Your reply should reproduce the data below without a single alteration, apart from dropping the images.
*** Input for this task
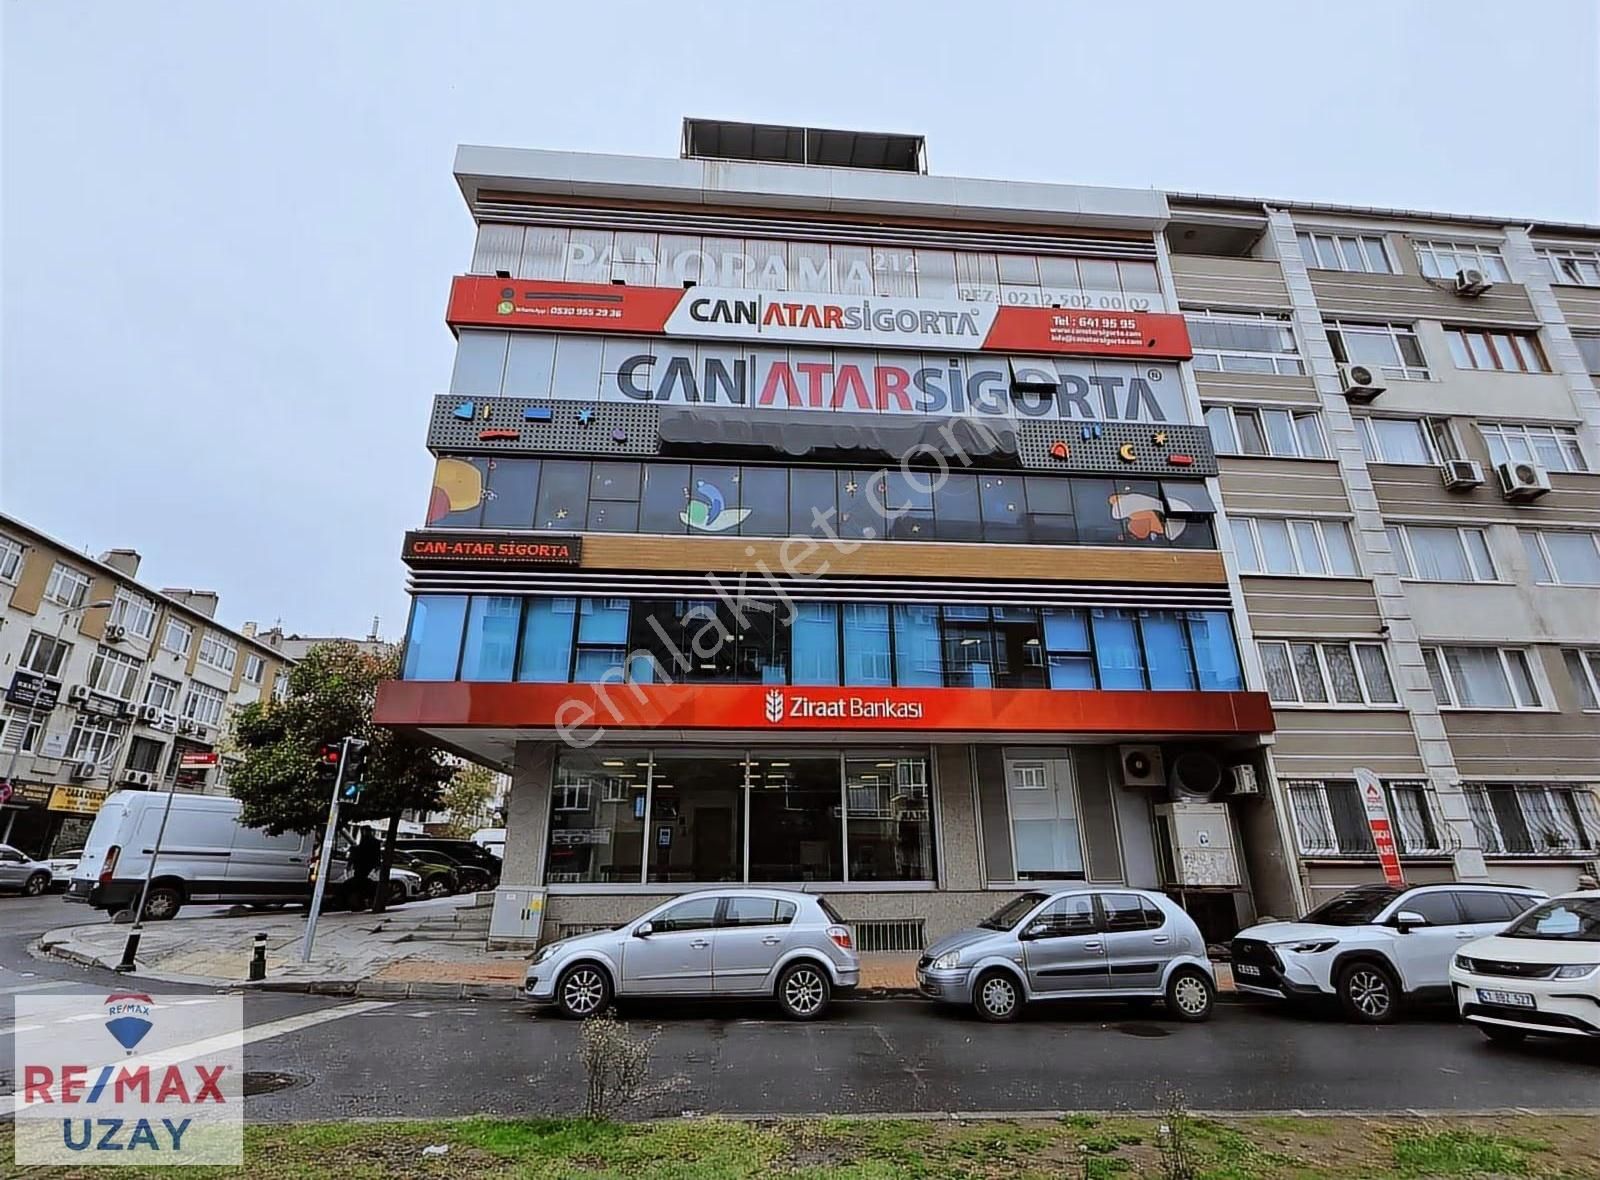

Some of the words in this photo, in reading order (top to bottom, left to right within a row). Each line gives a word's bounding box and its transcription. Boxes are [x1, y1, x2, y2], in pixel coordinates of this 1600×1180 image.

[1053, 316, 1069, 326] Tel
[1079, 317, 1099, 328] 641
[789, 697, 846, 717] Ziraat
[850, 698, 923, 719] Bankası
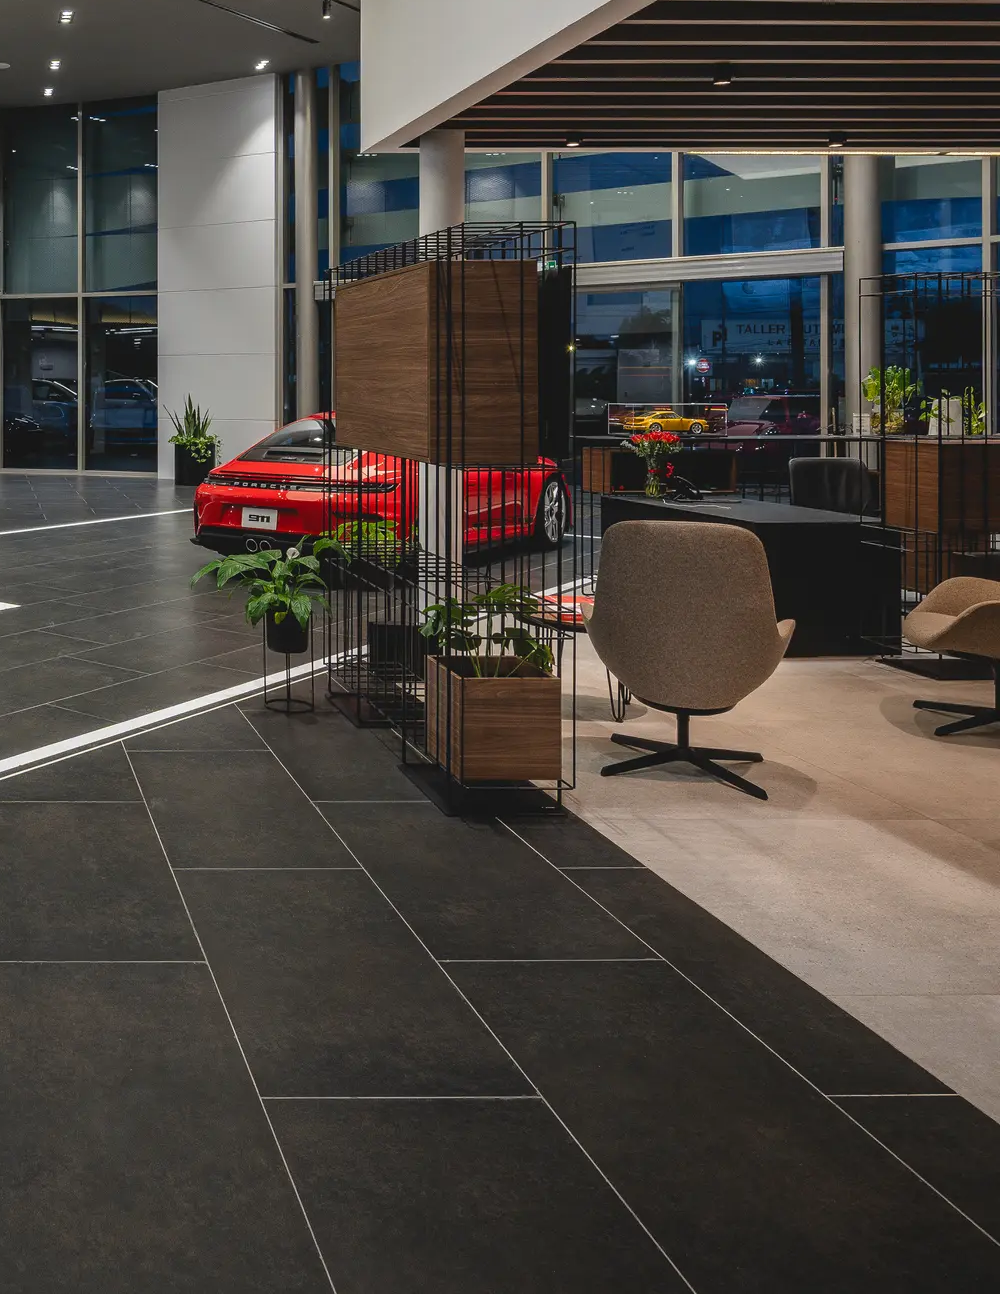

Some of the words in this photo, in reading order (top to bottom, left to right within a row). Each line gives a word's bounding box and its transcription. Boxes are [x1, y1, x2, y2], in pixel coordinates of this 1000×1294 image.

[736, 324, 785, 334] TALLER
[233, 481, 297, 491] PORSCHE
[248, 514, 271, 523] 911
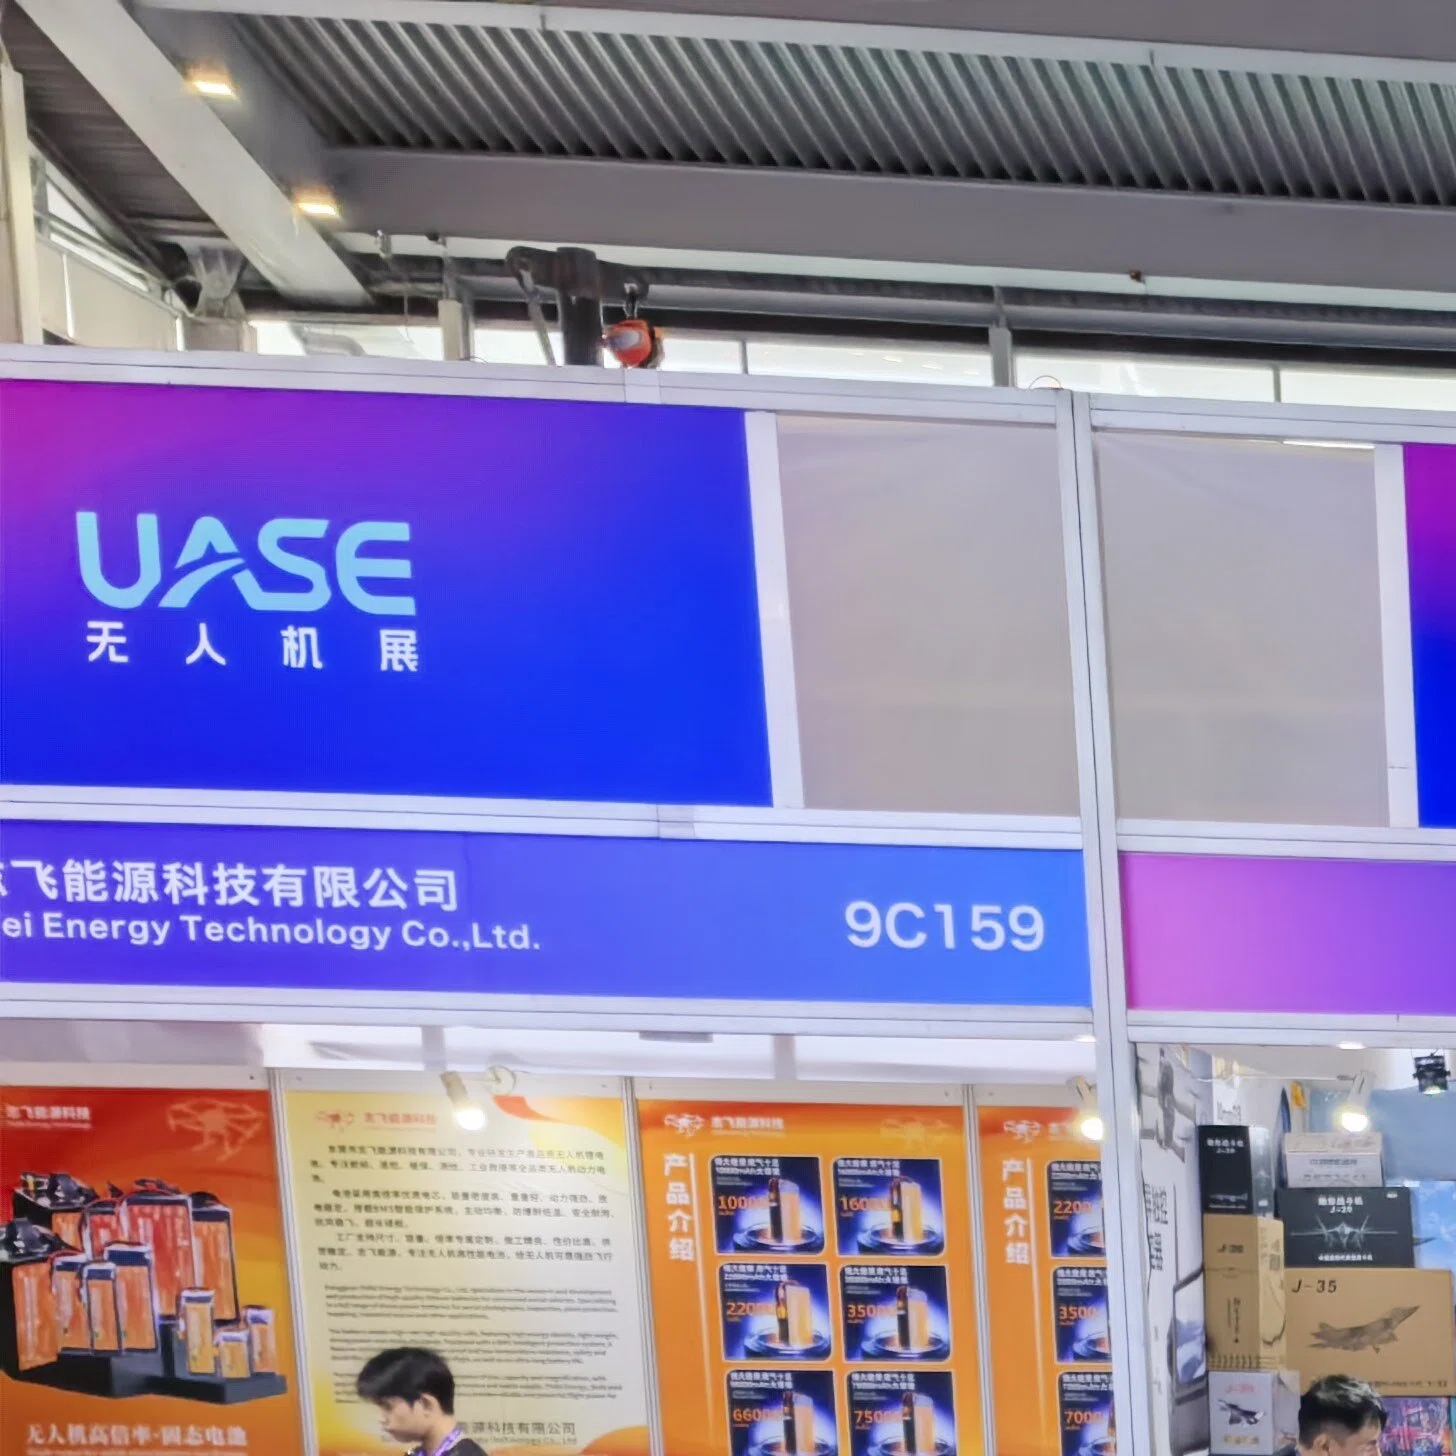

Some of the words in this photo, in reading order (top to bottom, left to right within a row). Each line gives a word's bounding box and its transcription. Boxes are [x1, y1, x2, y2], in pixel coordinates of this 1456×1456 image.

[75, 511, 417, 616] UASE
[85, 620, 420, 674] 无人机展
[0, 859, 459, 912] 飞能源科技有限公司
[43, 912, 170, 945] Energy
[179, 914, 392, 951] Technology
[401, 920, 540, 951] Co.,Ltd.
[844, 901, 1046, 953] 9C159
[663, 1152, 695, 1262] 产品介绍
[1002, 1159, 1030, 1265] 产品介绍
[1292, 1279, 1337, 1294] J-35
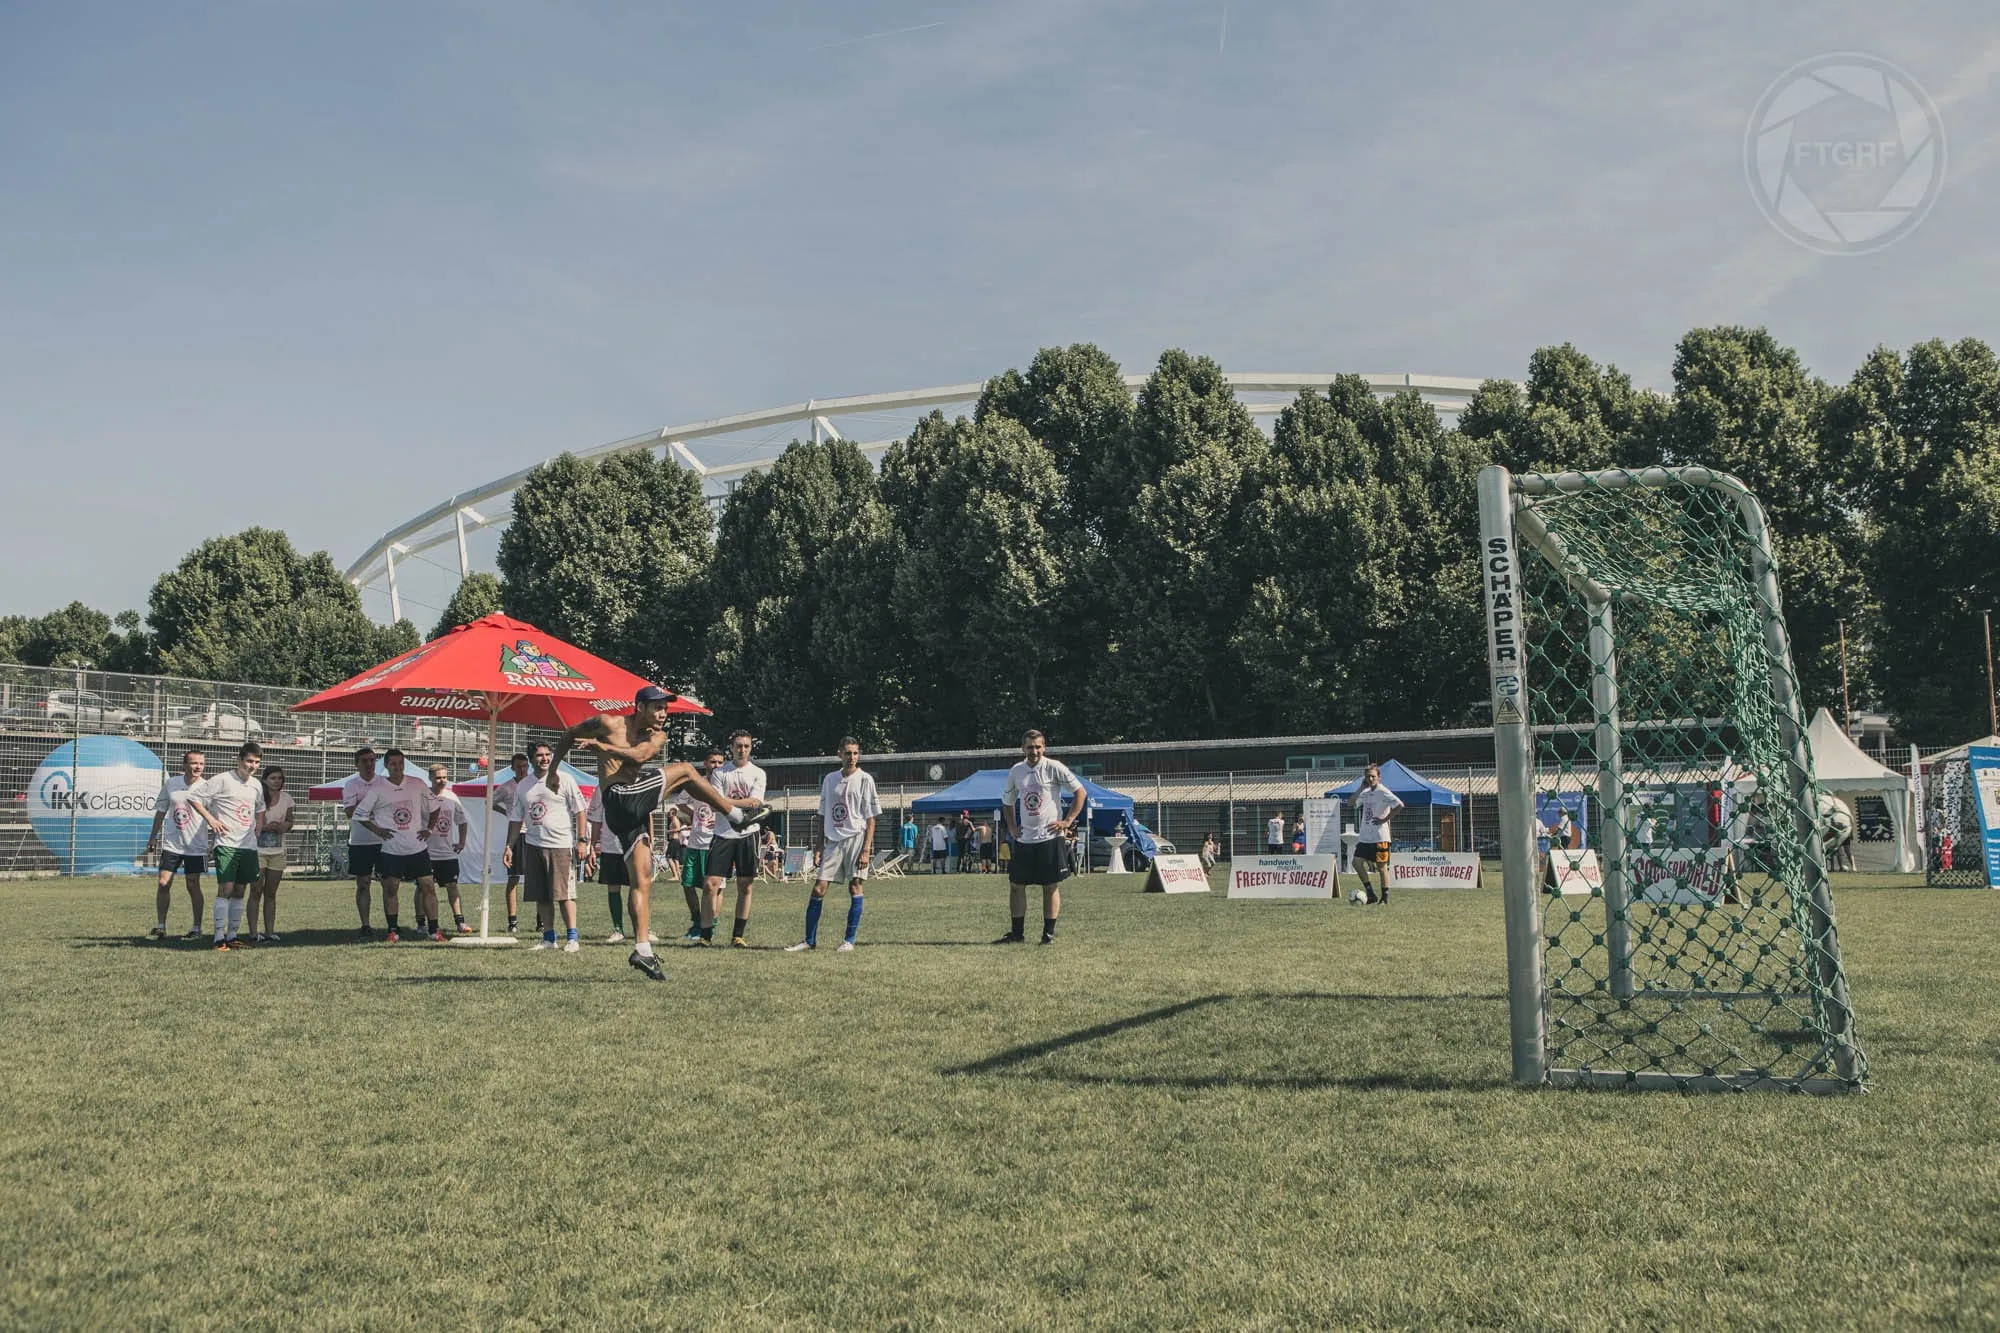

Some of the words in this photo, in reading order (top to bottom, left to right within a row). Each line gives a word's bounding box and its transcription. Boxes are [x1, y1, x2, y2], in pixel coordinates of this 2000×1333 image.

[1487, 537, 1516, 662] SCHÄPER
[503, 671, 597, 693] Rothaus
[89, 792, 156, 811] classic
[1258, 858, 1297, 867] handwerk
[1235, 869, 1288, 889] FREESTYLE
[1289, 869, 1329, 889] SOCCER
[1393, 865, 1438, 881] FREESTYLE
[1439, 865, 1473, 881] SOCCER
******
## Your response
Some of the words in this photo, in reading order (top to bottom, left to right within a row). Each line gives a word's bounding box and its transcription. Boxes are [x1, y1, x2, y2], in pixel coordinates of this 1600×1180 image.

[1053, 316, 1069, 326] Tel
[1079, 317, 1099, 328] 641
[789, 697, 846, 717] Ziraat
[850, 698, 923, 719] Bankası

Some of the words in this photo, in reading order (top to bottom, left to right within a row). Each line gives a word's bounding box and its transcription. Boxes are [x1, y1, x2, y2], in pixel coordinates of this 1000×1294 image.

[736, 324, 785, 334] TALLER
[233, 481, 297, 491] PORSCHE
[248, 514, 271, 523] 911

Some of the words in this photo, in reading order (top to bottom, left to right within a row). Each line gives a word's bounding box and its transcription. Boxes are [x1, y1, x2, y2], in pixel coordinates of this 1456×1456 image.

[75, 511, 417, 616] UASE
[85, 620, 420, 674] 无人机展
[0, 859, 459, 912] 飞能源科技有限公司
[43, 912, 170, 945] Energy
[179, 914, 392, 951] Technology
[401, 920, 540, 951] Co.,Ltd.
[844, 901, 1046, 953] 9C159
[663, 1152, 695, 1262] 产品介绍
[1002, 1159, 1030, 1265] 产品介绍
[1292, 1279, 1337, 1294] J-35

Some of the words in this photo, in reading order (top to bottom, left to right within a row). Each line gives a word's bounding box and its transcription. Boxes are [x1, y1, x2, y2], in pixel coordinates of this 2000×1333 image.

[1487, 537, 1516, 662] SCHÄPER
[503, 671, 597, 693] Rothaus
[89, 792, 156, 811] classic
[1258, 858, 1297, 867] handwerk
[1235, 869, 1288, 889] FREESTYLE
[1289, 869, 1329, 889] SOCCER
[1393, 865, 1438, 881] FREESTYLE
[1439, 865, 1473, 881] SOCCER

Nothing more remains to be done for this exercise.